Results: No differences in unstimulated proliferation were observed in LT and LC fibroblasts from patients with class 2-3 disease and LT fibroblasts from patients with class 4 and 5 disease, compared with NC and HS68 cells. LC fibroblasts from patients with class 4 disease (P <.05) and class 5 disease (P <.001), and LC (P <.001), and LT fibroblasts from patients with class 6 disease (P <.001) proliferated to a lesser degree than did NC and HS68 cells. The diminished proliferation observed in class 4 LC cells was reversible with TGF-beta(1) stimulation (P <.004); however, class 5 and class 6 LC and LT fibroblasts did not respond to stimulation with TGF-beta(1). Collagen increased proliferation of HS68 cells with (P <.05) and without (P <.01) TGF-beta(1), compared with cells grown on polystyrene, but did not increase proliferative responses in NC or CVI fibroblasts with and without TGF-beta(1). Similarly, fibronectin increased proliferation of HS68 cells (P <.05) compared with cells grown on polystyrene, but did not alter proliferation in CVI fibroblasts. Fibronectin did seem to inhibit TGF-beta(1)-induced proliferation observed in class 4 LC cells.

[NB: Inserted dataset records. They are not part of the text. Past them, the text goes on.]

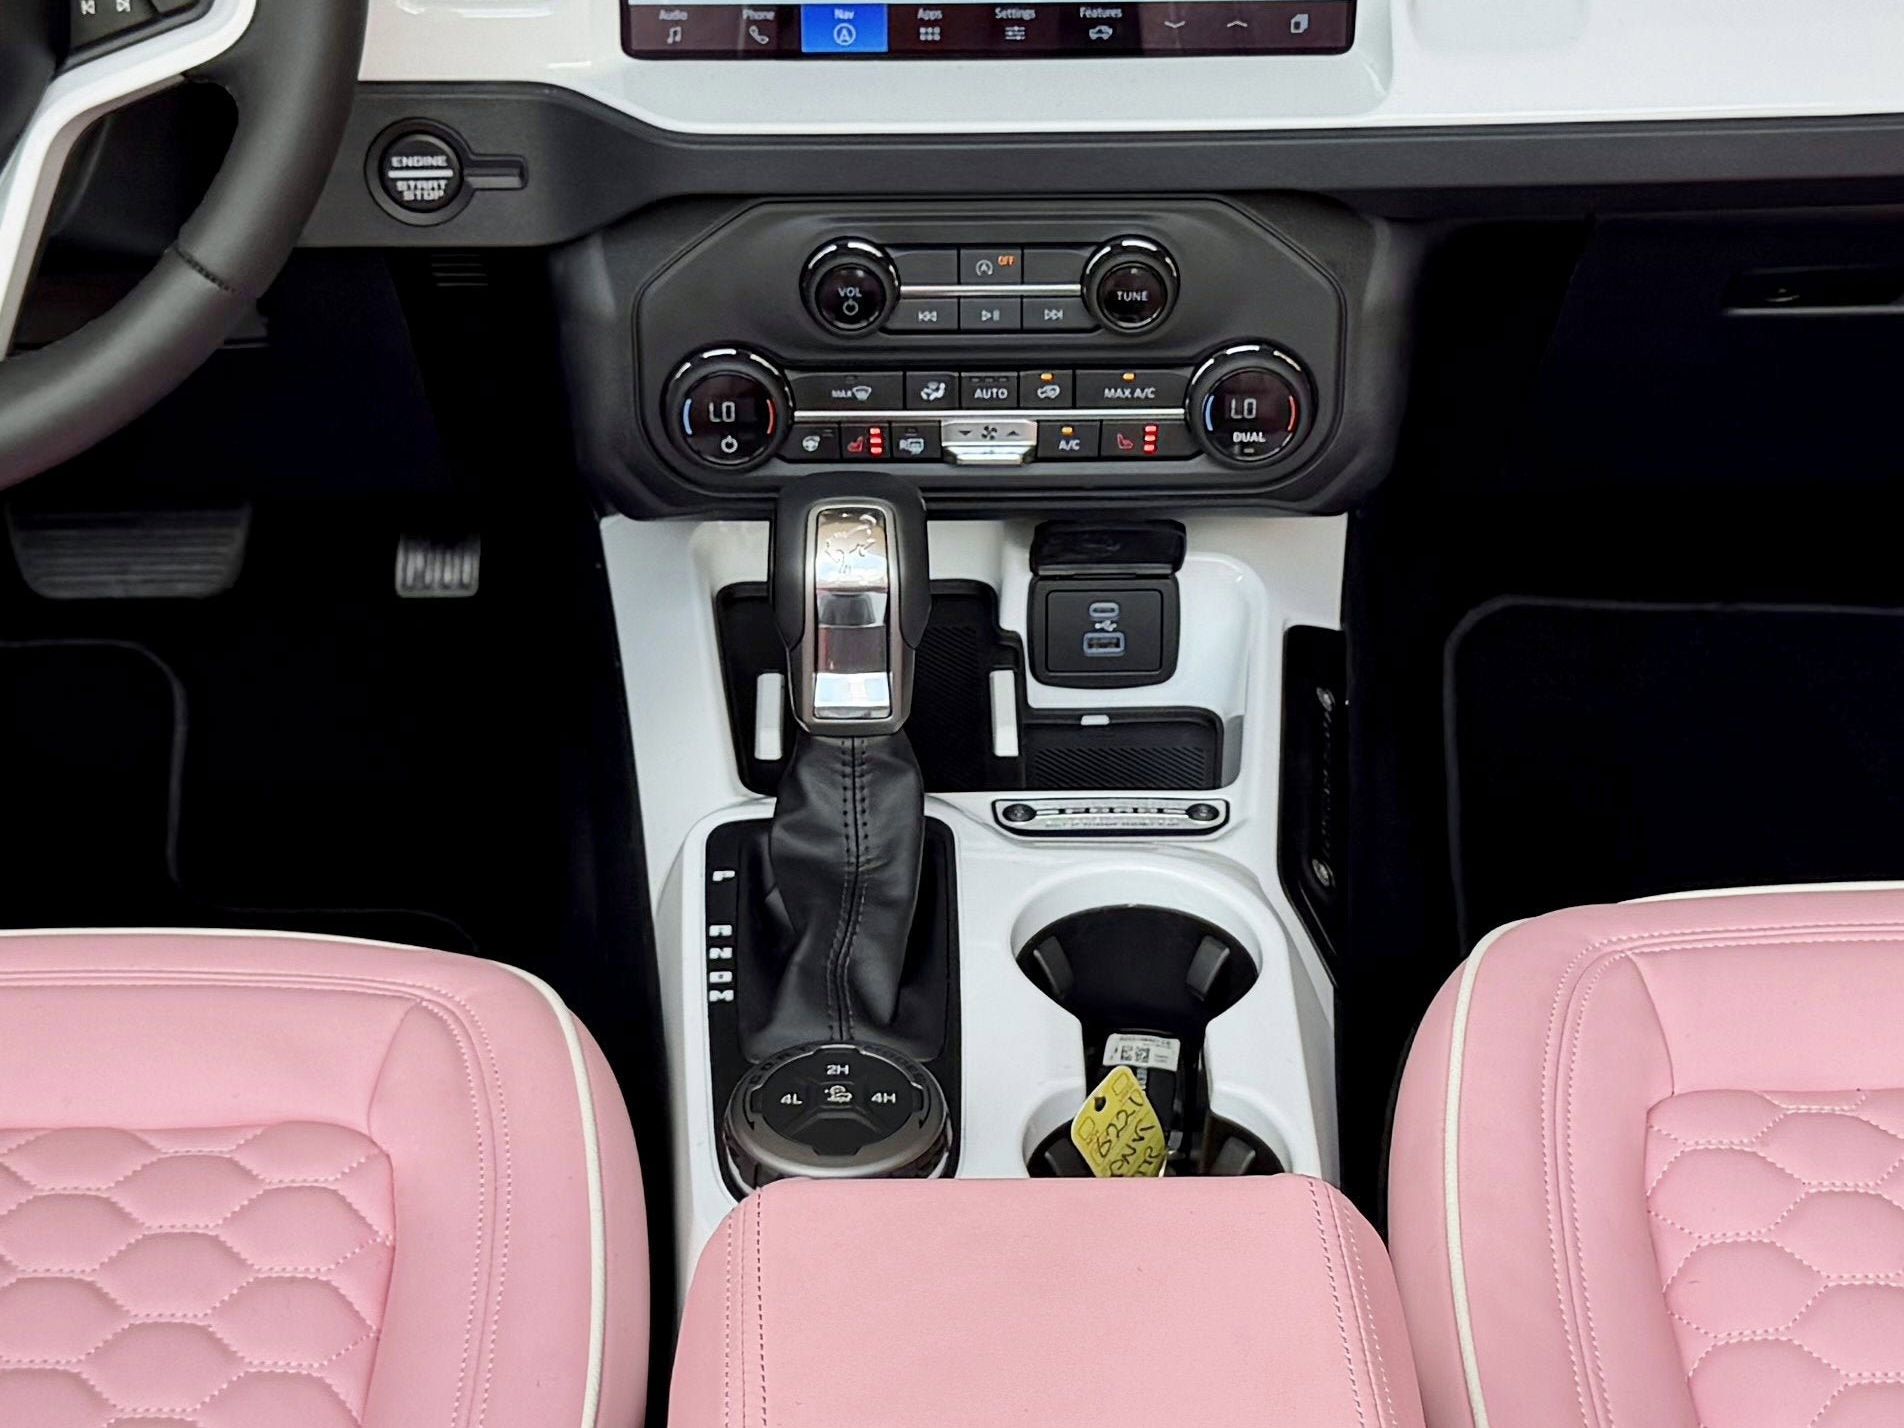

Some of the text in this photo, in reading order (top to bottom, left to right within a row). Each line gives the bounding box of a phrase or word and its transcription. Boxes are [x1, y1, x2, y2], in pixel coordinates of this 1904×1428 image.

[659, 9, 688, 21] Audio
[743, 8, 775, 21] Phone
[835, 8, 854, 20] Nav
[917, 8, 943, 21] Apps
[995, 7, 1036, 21] Settings
[1080, 7, 1123, 19] Features
[391, 155, 449, 168] ENGINE
[396, 179, 448, 192] START
[403, 190, 445, 202] STOP
[998, 256, 1016, 267] OFF
[838, 287, 862, 298] VOL
[1116, 290, 1148, 301] TUNE
[974, 388, 1008, 399] AUTO
[1104, 387, 1156, 399] MAX A/C
[709, 401, 736, 422] LO
[1230, 398, 1257, 419] LO
[1233, 432, 1266, 443] DUAL
[1058, 438, 1080, 451] A/C
[712, 870, 736, 882] P
[709, 947, 733, 959] N
[709, 989, 734, 1002] M
[826, 1064, 849, 1075] 2H
[780, 1093, 803, 1105] 4L
[871, 1092, 896, 1104] 4H

Conclusion: These data indicate that clinical disease progression correlates with cellular dysfunction. Fibroblasts from patients with class 2-3 disease retain their unstimulated and agonist- induced proliferative capacity, compared with NC and HS68 cells. The onset of inflammatory skin changes (class 4 and class 5 disease) diminishes agonist-induced proliferation, and ulcer formation (class 6 disease) severely inhibits it. In addition, the composition of ECM does not affect TGF-beta(1)-induced proliferation of fibroblasts in CVI.